Brad Reifler has seen much of the financial world and has managed hedge funds and equity investments for some of New York’s finest companies and executives. But he’s now focused on doing something different with Forefront Capital. He wants to bring the 99% of middle class American’s who currently don’t have the opportunity to invest in alternative funds, into the fold. Reifler has taken note of the movie Money Monster, taking into account how many investors have been left behind, or given bad advice by brokers simply looking to make a profit whether or not the investor wins or loses.
Brad Reifler wants to change the current landscape by giving these lower income investors tips on how they can improve their strategies, and how they can find affordable investment vehicles. First Reifler cautions investors not to simply throw their eggs in one basket, or in this case the stock market. Secondly, he urges people to do their due diligence on the managers they choose to manage their funds. And lastly, he encourages people never to detour from their investment goals, and to stick with funds that are doing well.
Brad Reifler started out as a discretionary accounts manager with his first company, Reifler Trading Inc. And he started using proprietary methods for derivatives strategies in his next company, Pali Capital, a company that earned in excess of $1 billion dollars by the time Reifler had finished his term there. His current company, Forefront Capital became exceptional at attracting the fortune 500 industry and investment banks. His company focused on the top 1% of clients for a few years, but now Reifler wants Forefront to offer investment services to the other 99%.

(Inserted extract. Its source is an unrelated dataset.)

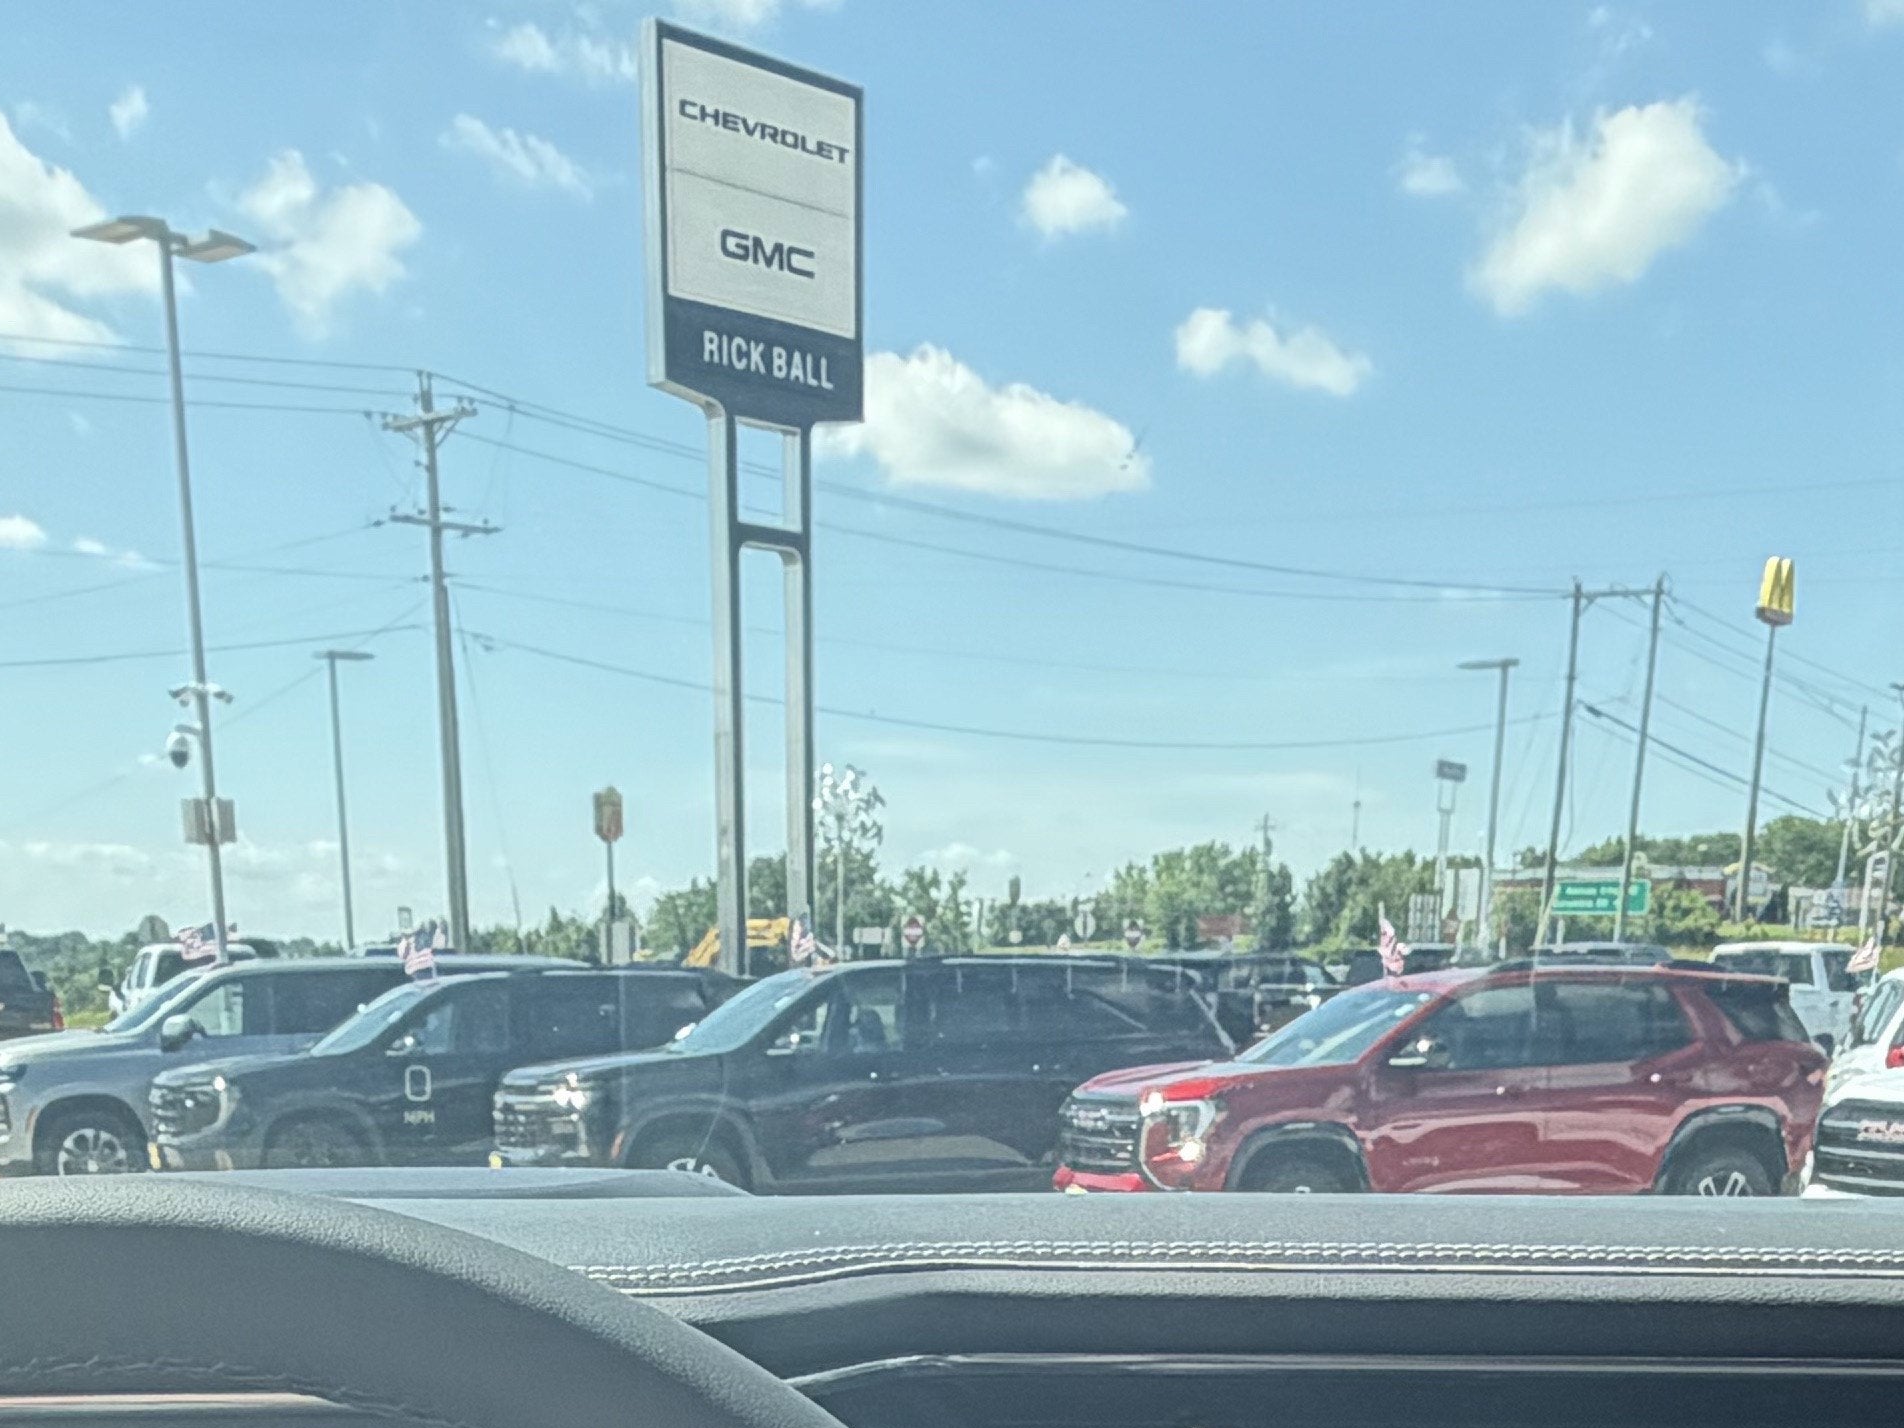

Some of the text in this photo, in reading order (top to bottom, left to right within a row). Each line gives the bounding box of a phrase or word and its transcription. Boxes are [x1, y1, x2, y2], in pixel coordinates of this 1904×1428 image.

[678, 98, 850, 165] CHEVROLET
[720, 227, 816, 280] GMC
[702, 330, 834, 391] RICK BALL

This latest move came some years after Reifler had tried to invest his father’s life savings in an alternative investment account for retirement, but couldn’t because his father lacked accreditation. So Brad Reifler set out to change this crisis by implementing a low $2,500 investment opportunity through Forefront Capital. He’s been working with the SEC and other governing bodies to make sure that the middle class and non-accredited investors can become accredited easier, and have less restrictions on where they can invest.